● What you are asked to do
For each entry, repeat the text exactly and omit any picture it holds.

● Information shown
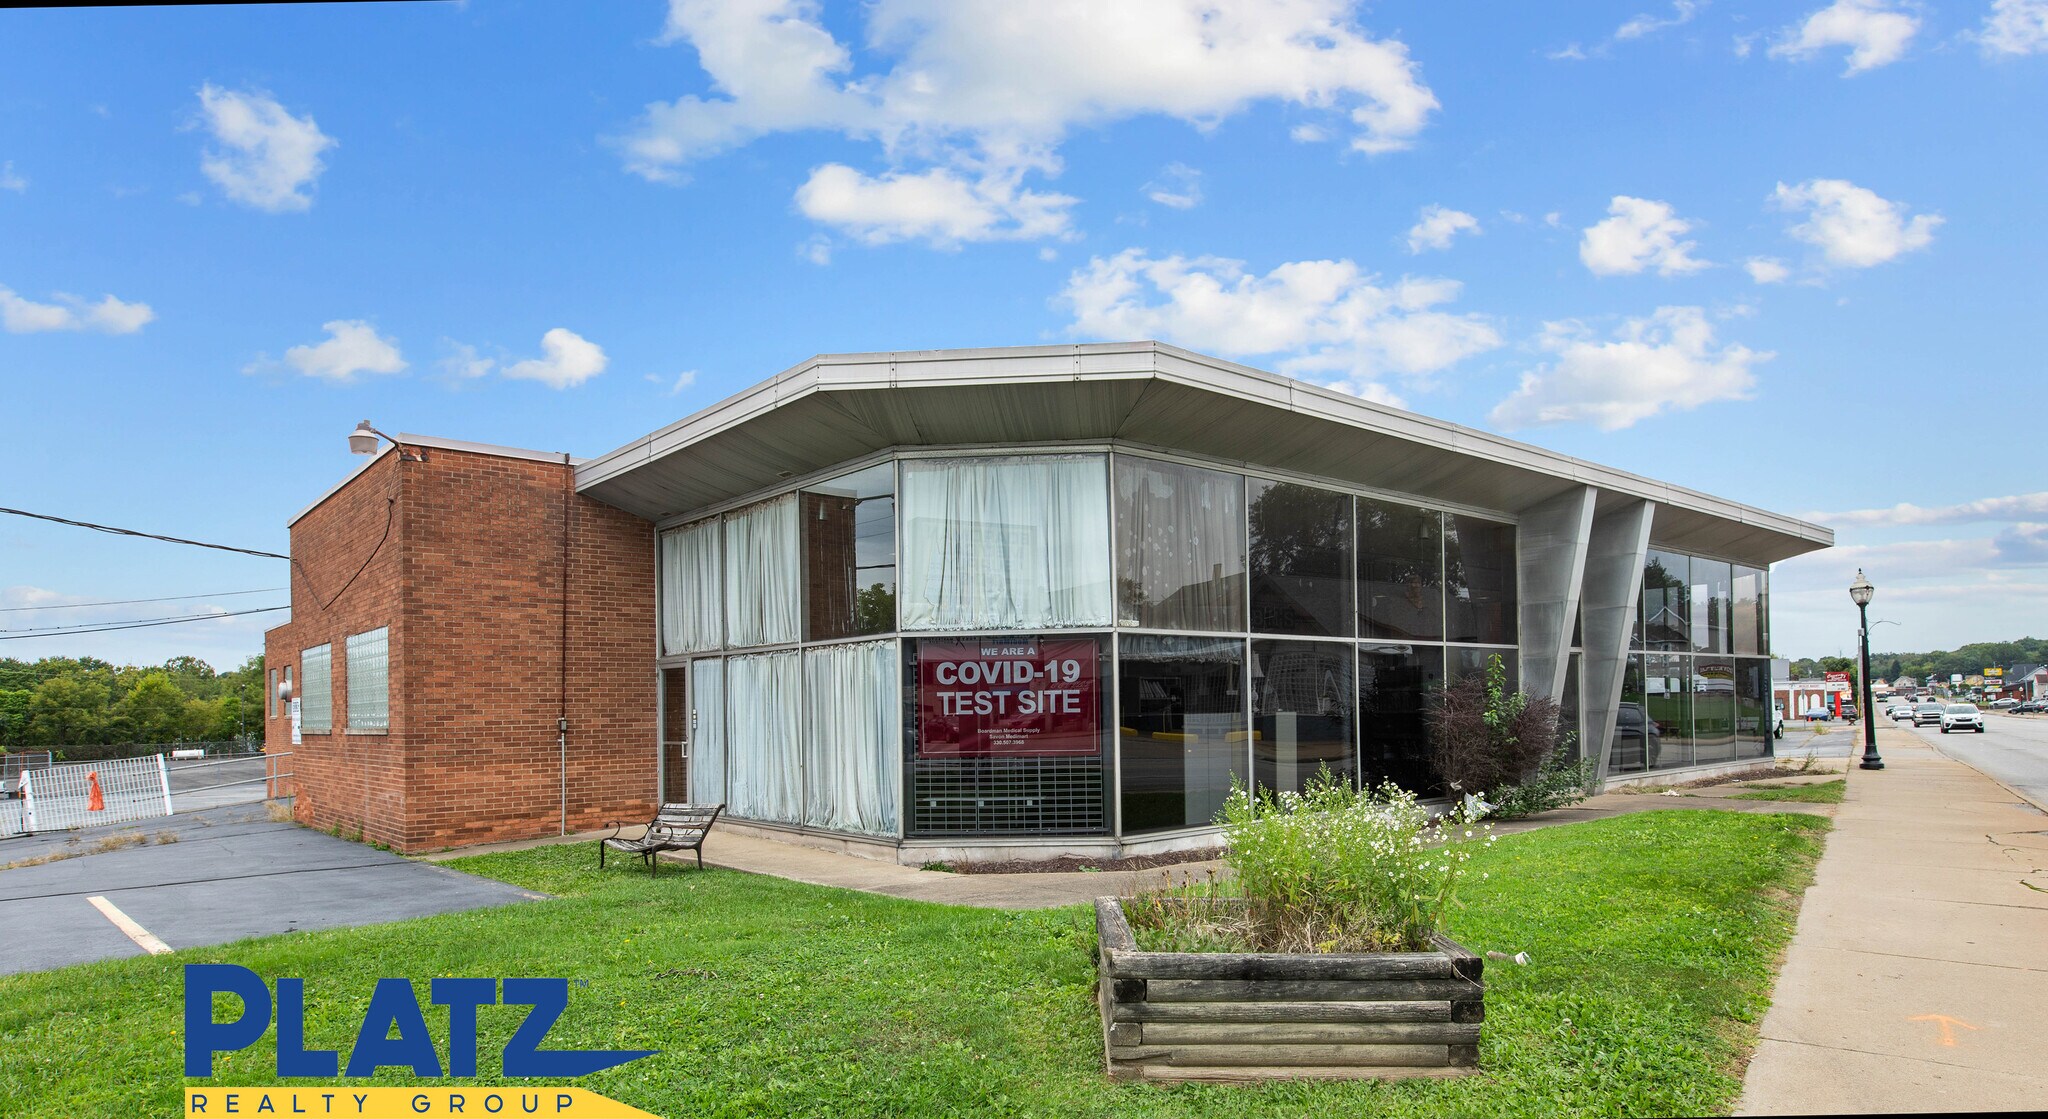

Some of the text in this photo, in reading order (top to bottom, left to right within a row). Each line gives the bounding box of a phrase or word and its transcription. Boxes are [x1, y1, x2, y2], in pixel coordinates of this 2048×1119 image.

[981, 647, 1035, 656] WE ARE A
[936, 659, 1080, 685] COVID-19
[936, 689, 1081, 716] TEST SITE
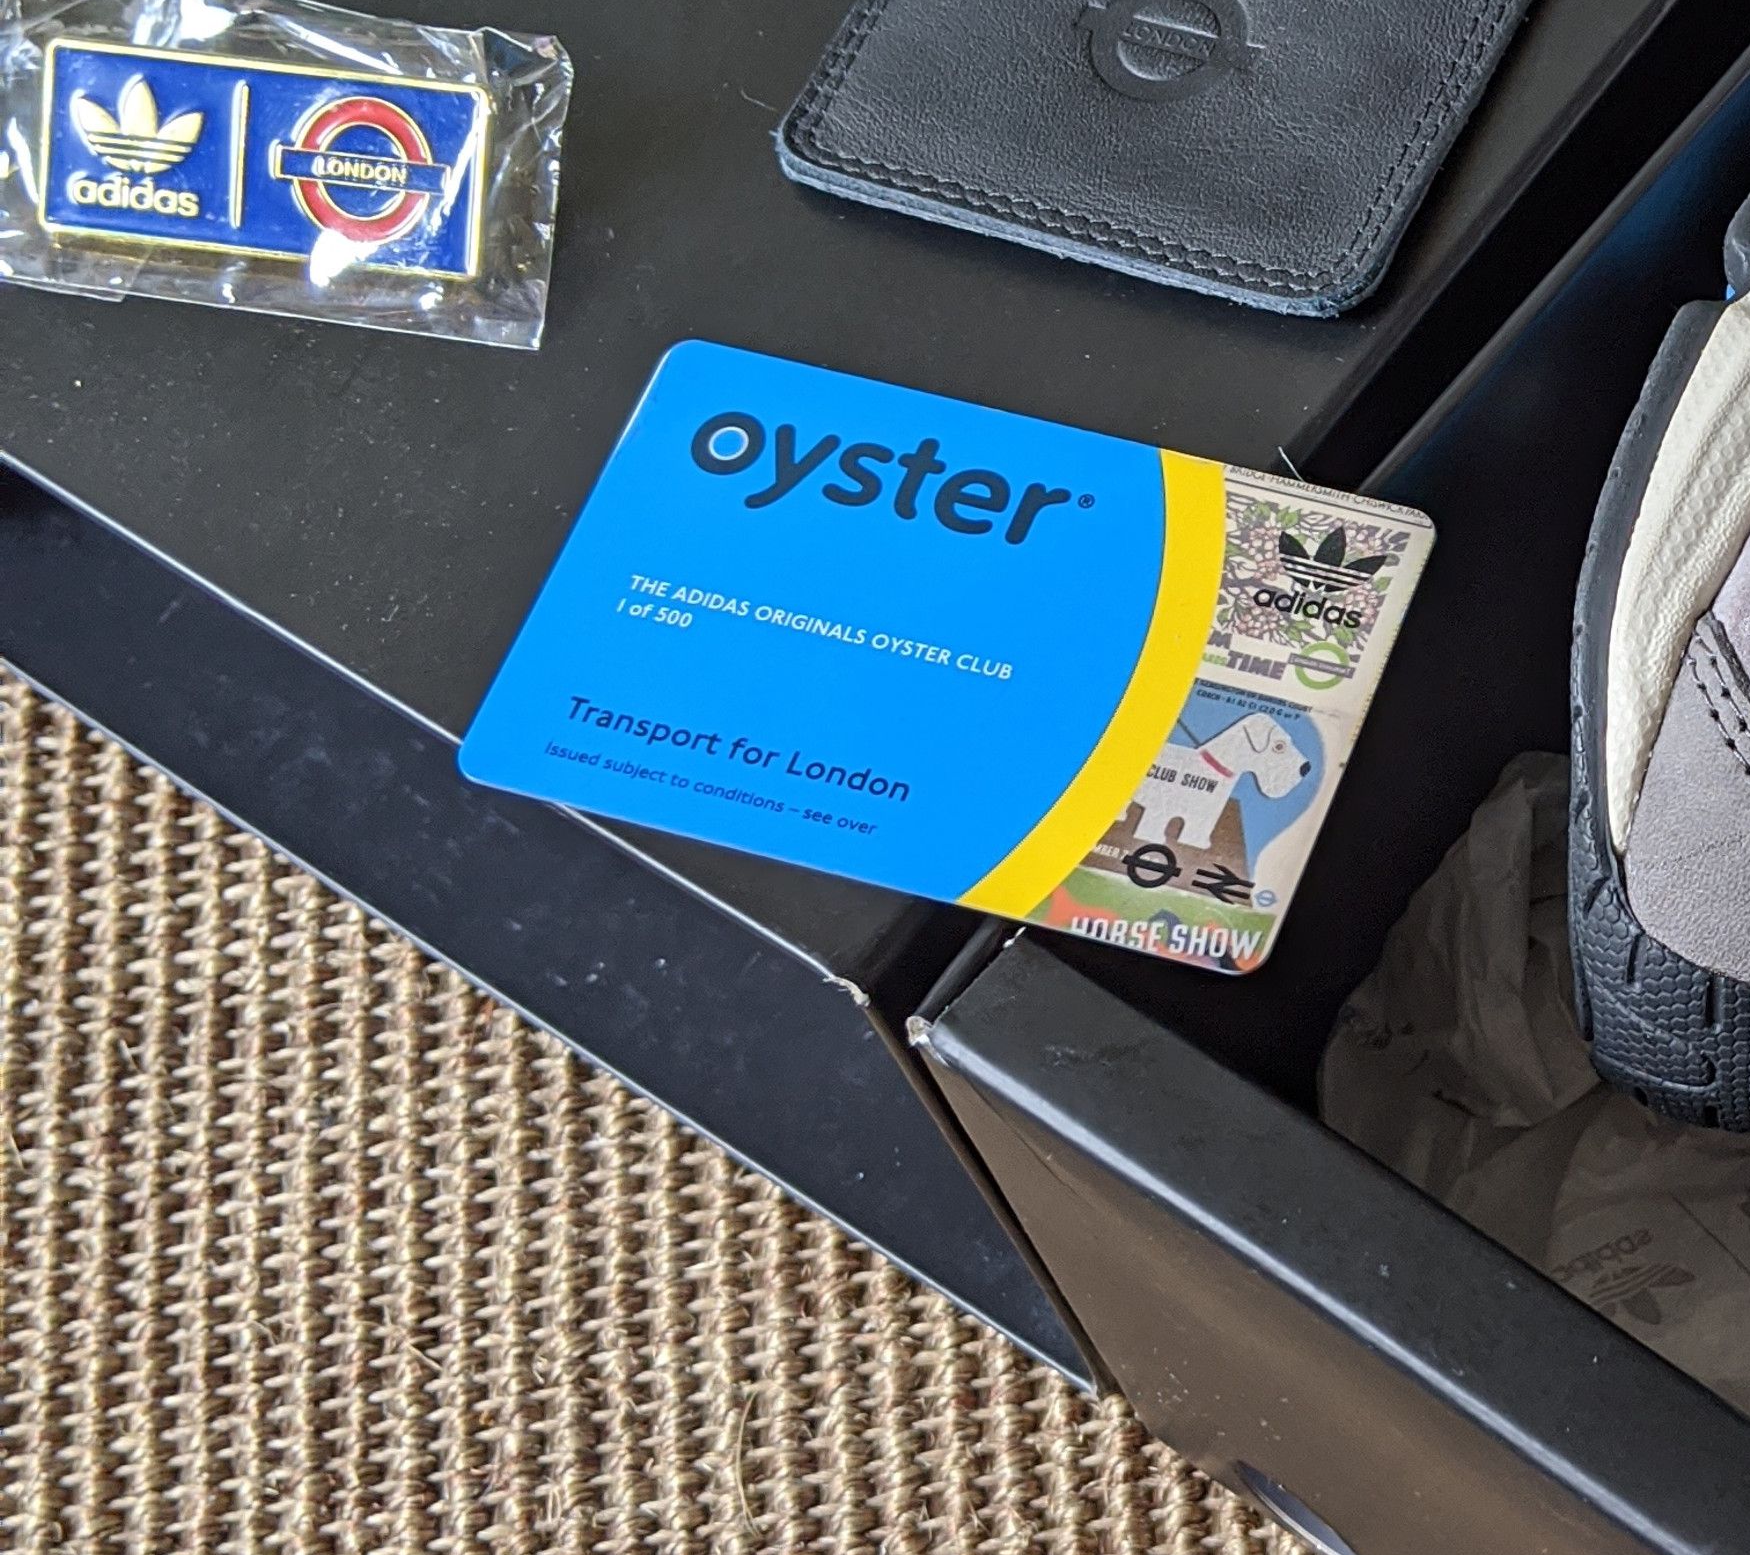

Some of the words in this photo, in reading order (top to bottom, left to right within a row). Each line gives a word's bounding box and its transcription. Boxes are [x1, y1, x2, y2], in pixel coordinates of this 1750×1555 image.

● Exercise answer
Some of the text in this photo, in reading order (top to bottom, left to right within a row). Each line gives the bounding box of a phrase or word and its transcription. Boxes are [x1, y1, x2, y2], in pixel coordinates of this 2048×1119 image.

[981, 647, 1035, 656] WE ARE A
[936, 659, 1080, 685] COVID-19
[936, 689, 1081, 716] TEST SITE

Some of the words in this photo, in reading order (top to bottom, left to right within a row). Each line gives a word's bounding box and its transcription. Boxes are [x1, y1, x2, y2], in pixel coordinates of this 1750×1555 image.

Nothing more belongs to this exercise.